What you should do: Write out the data exactly as given, dropping every picture.
--- Source information ---
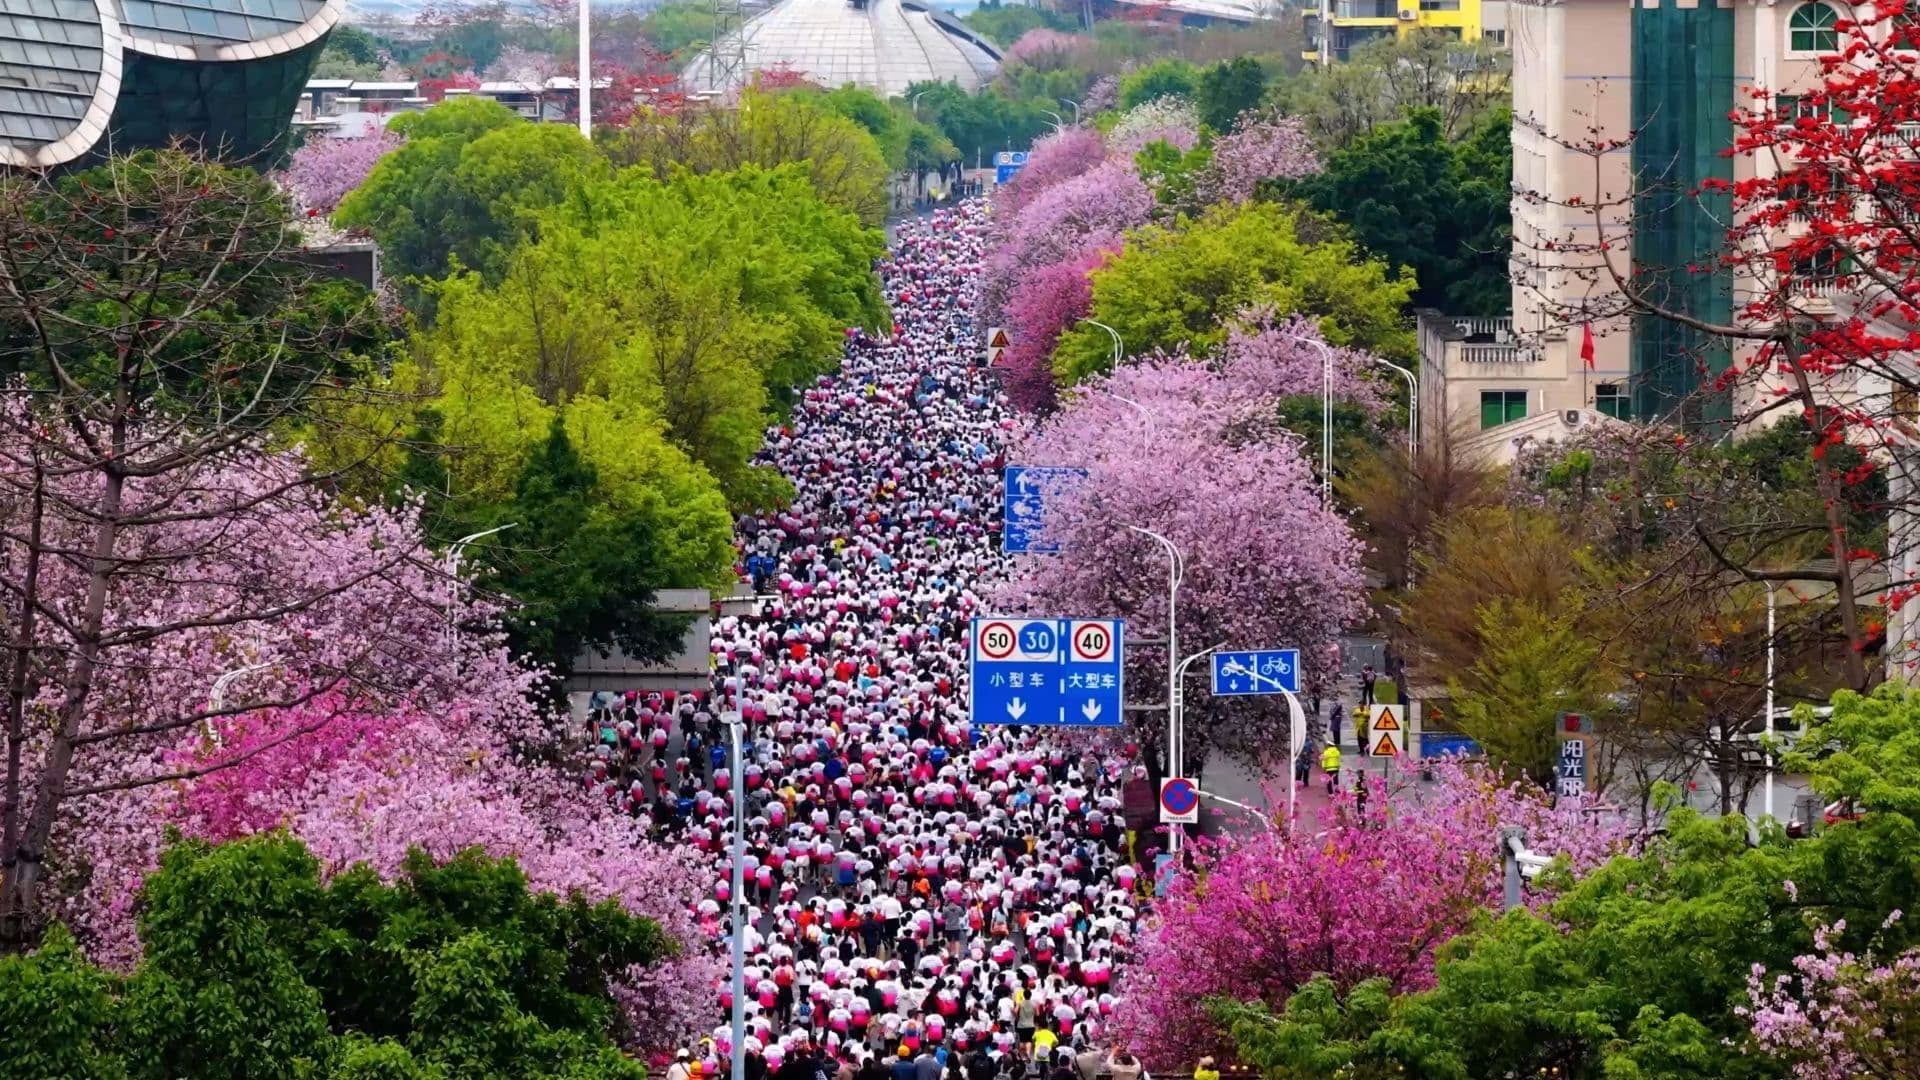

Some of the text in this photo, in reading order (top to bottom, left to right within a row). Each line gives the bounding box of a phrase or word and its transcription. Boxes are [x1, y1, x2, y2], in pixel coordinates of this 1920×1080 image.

[988, 633, 1008, 648] 50
[1026, 632, 1049, 650] 30
[1082, 633, 1103, 650] 40
[990, 672, 1045, 688] 小型车
[1069, 672, 1116, 689] 大型车
---
Result:
Some of the text in this photo, in reading order (top to bottom, left to right within a row). Each line gives the bounding box of a phrase or word and its transcription. Boxes are [x1, y1, x2, y2], in pixel coordinates of this 1920×1080 image.

[988, 633, 1008, 648] 50
[1026, 632, 1049, 650] 30
[1082, 633, 1103, 650] 40
[990, 672, 1045, 688] 小型车
[1069, 672, 1116, 689] 大型车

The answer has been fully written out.